WHAT IS REQUIRED:
Would you repeat the listing below verbatim and drop the images?

PROVIDED DATA:

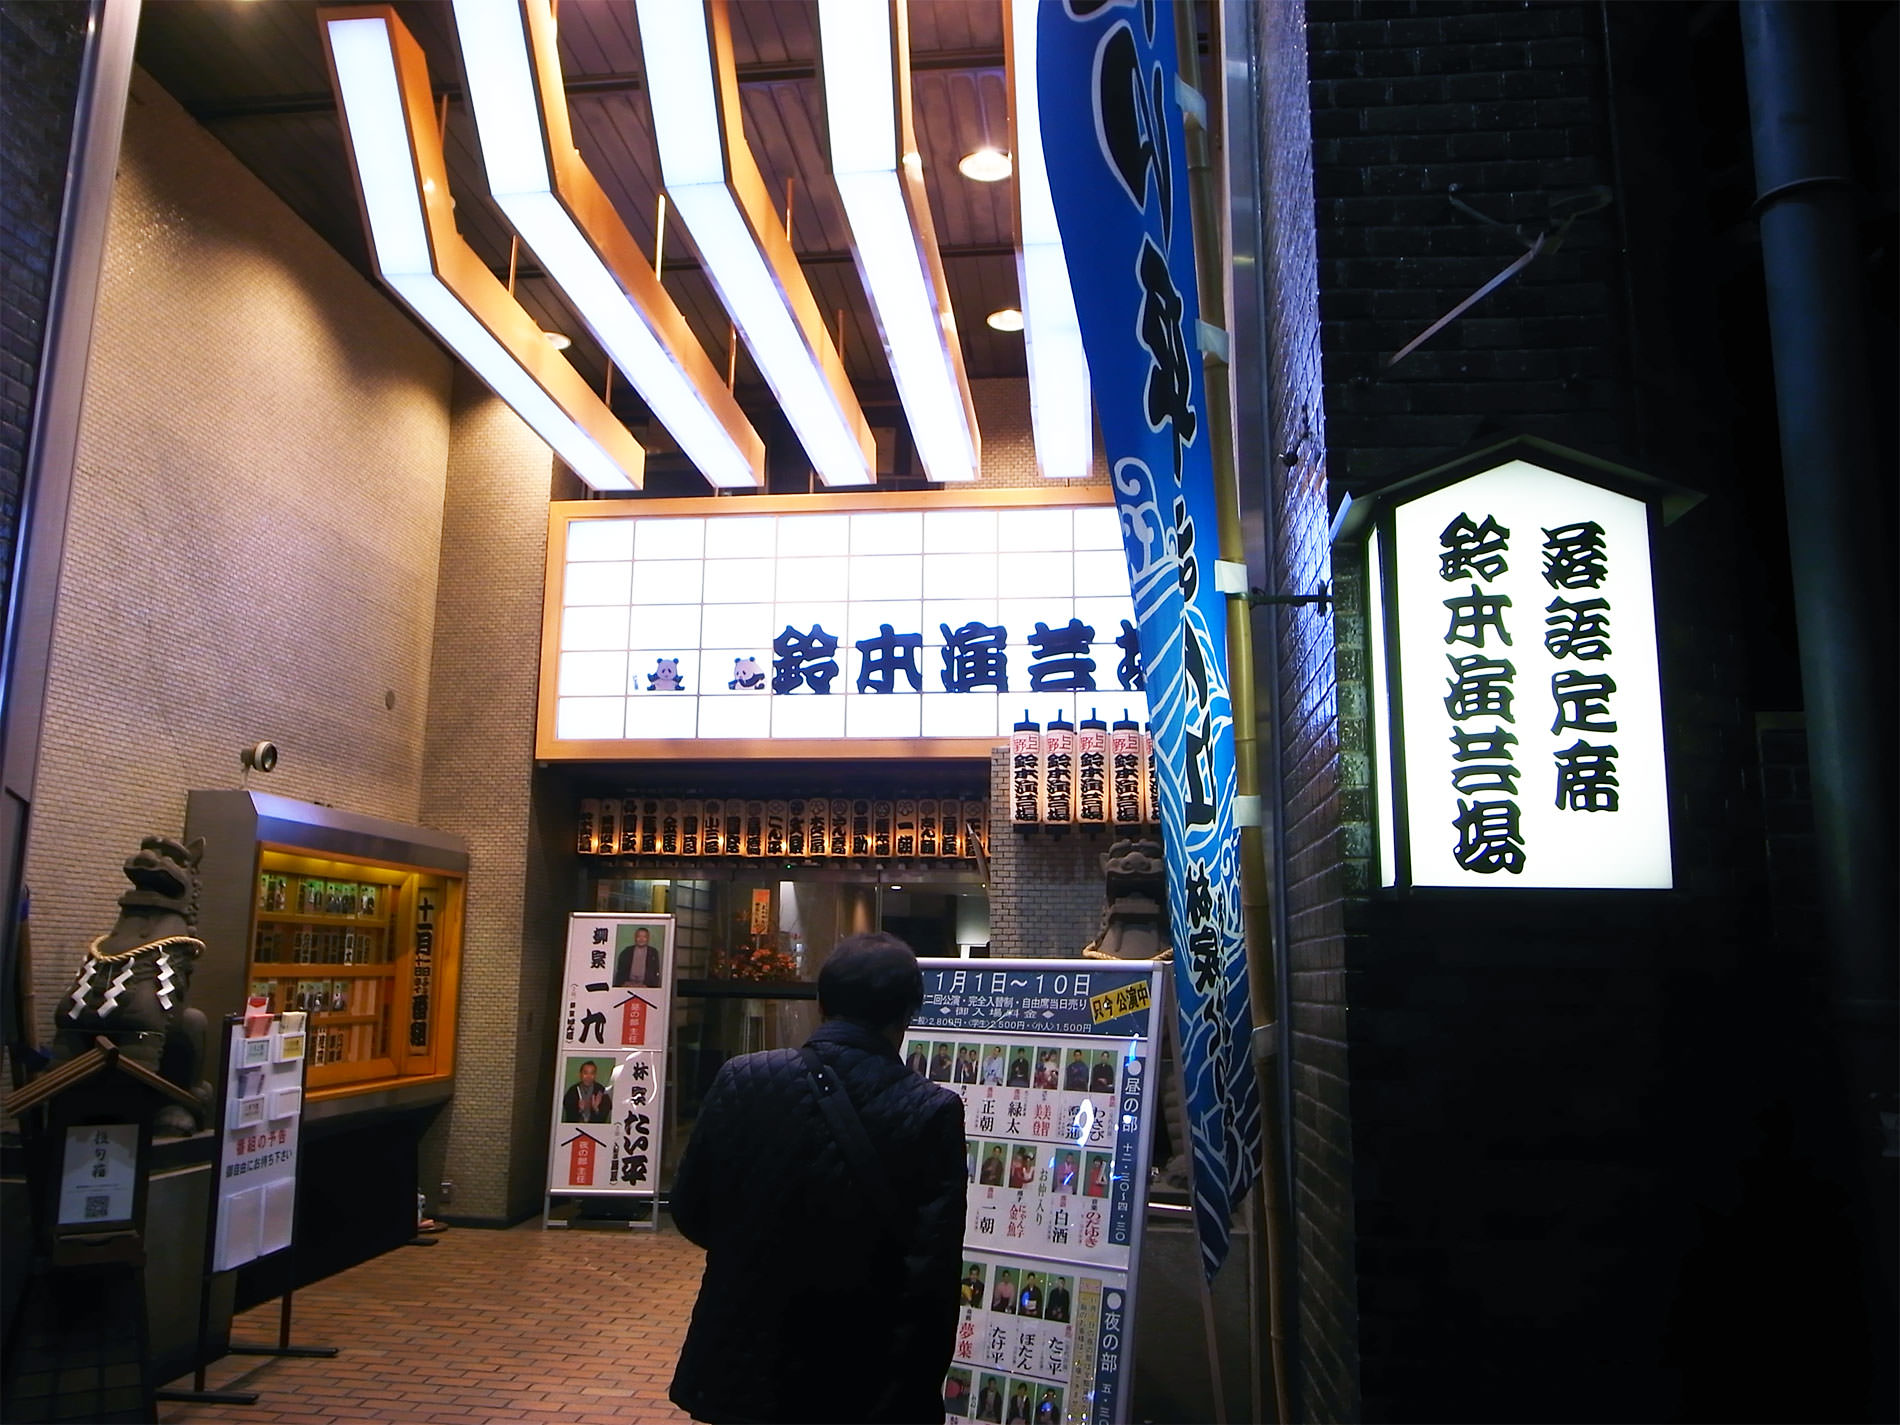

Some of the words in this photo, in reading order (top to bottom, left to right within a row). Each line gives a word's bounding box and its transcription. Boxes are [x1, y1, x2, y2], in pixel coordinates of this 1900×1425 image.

[1439, 511, 1527, 875] 鈴本演芸場
[1541, 520, 1620, 813] 落語定席
[1014, 753, 1039, 822] 鈴本演芸場
[1047, 753, 1072, 822] 鈴本演芸場
[1080, 752, 1105, 821] 鈴本演芸場
[1114, 754, 1139, 822] 鈴本演芸場
[922, 970, 1091, 996] 1月1日～10日
[980, 1098, 996, 1133] 正朝
[1006, 1101, 1022, 1134] 緑太
[980, 1205, 997, 1235] 一朝
[1052, 1209, 1068, 1245] 白酒
[957, 1322, 975, 1359] 夢葉
[1101, 1312, 1121, 1374] 夜の部

RESPONSE:
Some of the words in this photo, in reading order (top to bottom, left to right within a row). Each line gives a word's bounding box and its transcription. Boxes are [x1, y1, x2, y2], in pixel coordinates of this 1900×1425 image.

[1439, 511, 1527, 875] 鈴本演芸場
[1541, 520, 1620, 813] 落語定席
[1014, 753, 1039, 822] 鈴本演芸場
[1047, 753, 1072, 822] 鈴本演芸場
[1080, 752, 1105, 821] 鈴本演芸場
[1114, 754, 1139, 822] 鈴本演芸場
[922, 970, 1091, 996] 1月1日～10日
[980, 1098, 996, 1133] 正朝
[1006, 1101, 1022, 1134] 緑太
[980, 1205, 997, 1235] 一朝
[1052, 1209, 1068, 1245] 白酒
[957, 1322, 975, 1359] 夢葉
[1101, 1312, 1121, 1374] 夜の部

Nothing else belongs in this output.